**ACTION ITEM:** Reproduce the data, keeping every word exactly as it is.

[Dataset entries]

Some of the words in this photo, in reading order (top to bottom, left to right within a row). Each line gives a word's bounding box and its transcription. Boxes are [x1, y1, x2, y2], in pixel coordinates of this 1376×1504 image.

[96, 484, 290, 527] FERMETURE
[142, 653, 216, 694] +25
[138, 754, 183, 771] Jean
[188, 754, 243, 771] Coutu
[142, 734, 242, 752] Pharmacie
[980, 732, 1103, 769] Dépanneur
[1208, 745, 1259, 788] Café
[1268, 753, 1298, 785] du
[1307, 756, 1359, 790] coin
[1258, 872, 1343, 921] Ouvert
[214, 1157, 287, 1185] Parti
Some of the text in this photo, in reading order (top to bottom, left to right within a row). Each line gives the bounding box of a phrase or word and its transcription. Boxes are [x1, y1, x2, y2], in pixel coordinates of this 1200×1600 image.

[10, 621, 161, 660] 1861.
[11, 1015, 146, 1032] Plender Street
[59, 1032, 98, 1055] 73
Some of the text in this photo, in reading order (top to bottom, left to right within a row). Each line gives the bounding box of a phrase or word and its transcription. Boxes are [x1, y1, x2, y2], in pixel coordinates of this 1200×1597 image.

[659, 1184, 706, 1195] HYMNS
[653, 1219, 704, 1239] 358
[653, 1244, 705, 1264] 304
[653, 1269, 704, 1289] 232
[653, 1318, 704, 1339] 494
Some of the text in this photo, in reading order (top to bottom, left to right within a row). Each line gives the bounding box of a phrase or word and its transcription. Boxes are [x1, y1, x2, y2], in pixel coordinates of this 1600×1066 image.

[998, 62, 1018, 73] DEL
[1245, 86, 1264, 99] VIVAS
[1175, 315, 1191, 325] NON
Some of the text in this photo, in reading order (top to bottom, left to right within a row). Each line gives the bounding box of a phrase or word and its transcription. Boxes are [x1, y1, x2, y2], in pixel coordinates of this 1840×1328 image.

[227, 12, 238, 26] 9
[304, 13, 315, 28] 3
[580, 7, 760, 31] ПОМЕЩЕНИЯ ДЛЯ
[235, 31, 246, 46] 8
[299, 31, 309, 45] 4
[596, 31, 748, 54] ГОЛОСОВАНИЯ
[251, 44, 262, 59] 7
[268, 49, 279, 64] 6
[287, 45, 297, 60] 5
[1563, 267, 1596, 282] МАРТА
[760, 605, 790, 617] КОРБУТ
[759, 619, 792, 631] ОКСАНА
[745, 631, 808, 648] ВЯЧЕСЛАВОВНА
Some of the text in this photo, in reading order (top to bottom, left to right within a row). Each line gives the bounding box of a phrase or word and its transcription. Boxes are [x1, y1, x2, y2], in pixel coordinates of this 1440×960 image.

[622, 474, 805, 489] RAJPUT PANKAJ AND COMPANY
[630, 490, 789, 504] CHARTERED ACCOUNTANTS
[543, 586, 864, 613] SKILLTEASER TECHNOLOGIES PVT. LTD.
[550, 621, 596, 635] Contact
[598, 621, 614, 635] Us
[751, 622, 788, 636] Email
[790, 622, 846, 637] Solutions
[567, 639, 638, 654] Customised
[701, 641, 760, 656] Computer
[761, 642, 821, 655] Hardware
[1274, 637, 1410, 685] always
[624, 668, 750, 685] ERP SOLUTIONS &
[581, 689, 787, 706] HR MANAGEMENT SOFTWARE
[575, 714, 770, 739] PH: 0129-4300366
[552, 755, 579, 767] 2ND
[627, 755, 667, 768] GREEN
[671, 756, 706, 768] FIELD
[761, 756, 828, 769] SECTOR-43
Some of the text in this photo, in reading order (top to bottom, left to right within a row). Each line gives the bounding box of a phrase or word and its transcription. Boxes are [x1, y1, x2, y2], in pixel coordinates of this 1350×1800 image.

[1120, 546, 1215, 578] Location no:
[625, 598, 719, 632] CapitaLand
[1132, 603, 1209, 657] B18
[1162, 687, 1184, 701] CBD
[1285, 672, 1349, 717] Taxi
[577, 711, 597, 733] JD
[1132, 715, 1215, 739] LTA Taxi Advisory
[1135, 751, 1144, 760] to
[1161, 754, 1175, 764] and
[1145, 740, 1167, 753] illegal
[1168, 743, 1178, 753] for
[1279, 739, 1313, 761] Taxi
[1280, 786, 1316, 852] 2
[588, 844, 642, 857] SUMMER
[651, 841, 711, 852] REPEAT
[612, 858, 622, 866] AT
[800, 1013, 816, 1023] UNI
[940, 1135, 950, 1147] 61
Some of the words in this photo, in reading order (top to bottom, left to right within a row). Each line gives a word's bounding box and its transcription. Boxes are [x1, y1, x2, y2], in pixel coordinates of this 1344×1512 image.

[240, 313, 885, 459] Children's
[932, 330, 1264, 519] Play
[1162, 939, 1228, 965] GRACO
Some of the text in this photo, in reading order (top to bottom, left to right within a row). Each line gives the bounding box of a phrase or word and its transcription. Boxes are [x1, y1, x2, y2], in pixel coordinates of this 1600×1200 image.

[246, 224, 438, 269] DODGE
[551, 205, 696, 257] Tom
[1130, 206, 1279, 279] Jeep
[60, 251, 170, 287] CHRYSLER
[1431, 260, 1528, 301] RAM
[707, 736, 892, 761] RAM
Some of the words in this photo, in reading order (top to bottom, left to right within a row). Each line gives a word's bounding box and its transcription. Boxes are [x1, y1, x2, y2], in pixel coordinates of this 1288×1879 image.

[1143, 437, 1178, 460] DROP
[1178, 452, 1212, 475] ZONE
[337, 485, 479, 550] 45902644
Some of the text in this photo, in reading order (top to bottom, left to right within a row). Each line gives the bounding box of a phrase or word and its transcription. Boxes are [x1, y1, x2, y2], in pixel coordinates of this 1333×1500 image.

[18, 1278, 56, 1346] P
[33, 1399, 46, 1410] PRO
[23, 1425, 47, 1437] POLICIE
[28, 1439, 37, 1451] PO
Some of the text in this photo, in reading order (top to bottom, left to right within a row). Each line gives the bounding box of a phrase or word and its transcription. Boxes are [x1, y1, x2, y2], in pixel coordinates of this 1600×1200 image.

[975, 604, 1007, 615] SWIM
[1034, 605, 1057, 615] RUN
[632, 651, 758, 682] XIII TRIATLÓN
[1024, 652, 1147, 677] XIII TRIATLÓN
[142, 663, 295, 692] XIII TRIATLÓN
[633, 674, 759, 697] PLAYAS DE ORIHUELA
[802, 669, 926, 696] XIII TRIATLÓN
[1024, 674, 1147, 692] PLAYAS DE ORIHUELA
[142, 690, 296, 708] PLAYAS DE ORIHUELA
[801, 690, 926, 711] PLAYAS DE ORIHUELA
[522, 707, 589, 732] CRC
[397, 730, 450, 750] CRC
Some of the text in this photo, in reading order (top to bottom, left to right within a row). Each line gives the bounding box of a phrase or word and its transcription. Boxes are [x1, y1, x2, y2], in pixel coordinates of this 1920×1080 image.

**EXERCISE RESULT:**
Some of the words in this photo, in reading order (top to bottom, left to right within a row). Each line gives a word's bounding box and its transcription. Boxes are [x1, y1, x2, y2], in pixel coordinates of this 1376×1504 image.

[96, 484, 290, 527] FERMETURE
[142, 653, 216, 694] +25
[138, 754, 183, 771] Jean
[188, 754, 243, 771] Coutu
[142, 734, 242, 752] Pharmacie
[980, 732, 1103, 769] Dépanneur
[1208, 745, 1259, 788] Café
[1268, 753, 1298, 785] du
[1307, 756, 1359, 790] coin
[1258, 872, 1343, 921] Ouvert
[214, 1157, 287, 1185] Parti
Some of the text in this photo, in reading order (top to bottom, left to right within a row). Each line gives the bounding box of a phrase or word and its transcription. Boxes are [x1, y1, x2, y2], in pixel coordinates of this 1200×1600 image.

[10, 621, 161, 660] 1861.
[11, 1015, 146, 1032] Plender Street
[59, 1032, 98, 1055] 73
Some of the text in this photo, in reading order (top to bottom, left to right within a row). Each line gives the bounding box of a phrase or word and its transcription. Boxes are [x1, y1, x2, y2], in pixel coordinates of this 1200×1597 image.

[659, 1184, 706, 1195] HYMNS
[653, 1219, 704, 1239] 358
[653, 1244, 705, 1264] 304
[653, 1269, 704, 1289] 232
[653, 1318, 704, 1339] 494
Some of the text in this photo, in reading order (top to bottom, left to right within a row). Each line gives the bounding box of a phrase or word and its transcription. Boxes are [x1, y1, x2, y2], in pixel coordinates of this 1600×1066 image.

[998, 62, 1018, 73] DEL
[1245, 86, 1264, 99] VIVAS
[1175, 315, 1191, 325] NON
Some of the text in this photo, in reading order (top to bottom, left to right within a row). Each line gives the bounding box of a phrase or word and its transcription. Boxes are [x1, y1, x2, y2], in pixel coordinates of this 1840×1328 image.

[227, 12, 238, 26] 9
[304, 13, 315, 28] 3
[580, 7, 760, 31] ПОМЕЩЕНИЯ ДЛЯ
[235, 31, 246, 46] 8
[299, 31, 309, 45] 4
[596, 31, 748, 54] ГОЛОСОВАНИЯ
[251, 44, 262, 59] 7
[268, 49, 279, 64] 6
[287, 45, 297, 60] 5
[1563, 267, 1596, 282] МАРТА
[760, 605, 790, 617] КОРБУТ
[759, 619, 792, 631] ОКСАНА
[745, 631, 808, 648] ВЯЧЕСЛАВОВНА
Some of the text in this photo, in reading order (top to bottom, left to right within a row). Each line gives the bounding box of a phrase or word and its transcription. Boxes are [x1, y1, x2, y2], in pixel coordinates of this 1440×960 image.

[622, 474, 805, 489] RAJPUT PANKAJ AND COMPANY
[630, 490, 789, 504] CHARTERED ACCOUNTANTS
[543, 586, 864, 613] SKILLTEASER TECHNOLOGIES PVT. LTD.
[550, 621, 596, 635] Contact
[598, 621, 614, 635] Us
[751, 622, 788, 636] Email
[790, 622, 846, 637] Solutions
[567, 639, 638, 654] Customised
[701, 641, 760, 656] Computer
[761, 642, 821, 655] Hardware
[1274, 637, 1410, 685] always
[624, 668, 750, 685] ERP SOLUTIONS &
[581, 689, 787, 706] HR MANAGEMENT SOFTWARE
[575, 714, 770, 739] PH: 0129-4300366
[552, 755, 579, 767] 2ND
[627, 755, 667, 768] GREEN
[671, 756, 706, 768] FIELD
[761, 756, 828, 769] SECTOR-43
Some of the text in this photo, in reading order (top to bottom, left to right within a row). Each line gives the bounding box of a phrase or word and its transcription. Boxes are [x1, y1, x2, y2], in pixel coordinates of this 1350×1800 image.

[1120, 546, 1215, 578] Location no:
[625, 598, 719, 632] CapitaLand
[1132, 603, 1209, 657] B18
[1162, 687, 1184, 701] CBD
[1285, 672, 1349, 717] Taxi
[577, 711, 597, 733] JD
[1132, 715, 1215, 739] LTA Taxi Advisory
[1135, 751, 1144, 760] to
[1161, 754, 1175, 764] and
[1145, 740, 1167, 753] illegal
[1168, 743, 1178, 753] for
[1279, 739, 1313, 761] Taxi
[1280, 786, 1316, 852] 2
[588, 844, 642, 857] SUMMER
[651, 841, 711, 852] REPEAT
[612, 858, 622, 866] AT
[800, 1013, 816, 1023] UNI
[940, 1135, 950, 1147] 61
Some of the words in this photo, in reading order (top to bottom, left to right within a row). Each line gives a word's bounding box and its transcription. Boxes are [x1, y1, x2, y2], in pixel coordinates of this 1344×1512 image.

[240, 313, 885, 459] Children's
[932, 330, 1264, 519] Play
[1162, 939, 1228, 965] GRACO
Some of the text in this photo, in reading order (top to bottom, left to right within a row). Each line gives the bounding box of a phrase or word and its transcription. Boxes are [x1, y1, x2, y2], in pixel coordinates of this 1600×1200 image.

[246, 224, 438, 269] DODGE
[551, 205, 696, 257] Tom
[1130, 206, 1279, 279] Jeep
[60, 251, 170, 287] CHRYSLER
[1431, 260, 1528, 301] RAM
[707, 736, 892, 761] RAM
Some of the words in this photo, in reading order (top to bottom, left to right within a row). Each line gives a word's bounding box and its transcription. Boxes are [x1, y1, x2, y2], in pixel coordinates of this 1288×1879 image.

[1143, 437, 1178, 460] DROP
[1178, 452, 1212, 475] ZONE
[337, 485, 479, 550] 45902644
Some of the text in this photo, in reading order (top to bottom, left to right within a row). Each line gives the bounding box of a phrase or word and its transcription. Boxes are [x1, y1, x2, y2], in pixel coordinates of this 1333×1500 image.

[18, 1278, 56, 1346] P
[33, 1399, 46, 1410] PRO
[23, 1425, 47, 1437] POLICIE
[28, 1439, 37, 1451] PO
Some of the text in this photo, in reading order (top to bottom, left to right within a row). Each line gives the bounding box of a phrase or word and its transcription. Boxes are [x1, y1, x2, y2], in pixel coordinates of this 1600×1200 image.

[975, 604, 1007, 615] SWIM
[1034, 605, 1057, 615] RUN
[632, 651, 758, 682] XIII TRIATLÓN
[1024, 652, 1147, 677] XIII TRIATLÓN
[142, 663, 295, 692] XIII TRIATLÓN
[633, 674, 759, 697] PLAYAS DE ORIHUELA
[802, 669, 926, 696] XIII TRIATLÓN
[1024, 674, 1147, 692] PLAYAS DE ORIHUELA
[142, 690, 296, 708] PLAYAS DE ORIHUELA
[801, 690, 926, 711] PLAYAS DE ORIHUELA
[522, 707, 589, 732] CRC
[397, 730, 450, 750] CRC
Some of the text in this photo, in reading order (top to bottom, left to right within a row). Each line gives the bounding box of a phrase or word and its transcription. Boxes are [x1, y1, x2, y2], in pixel coordinates of this 1920×1080 image.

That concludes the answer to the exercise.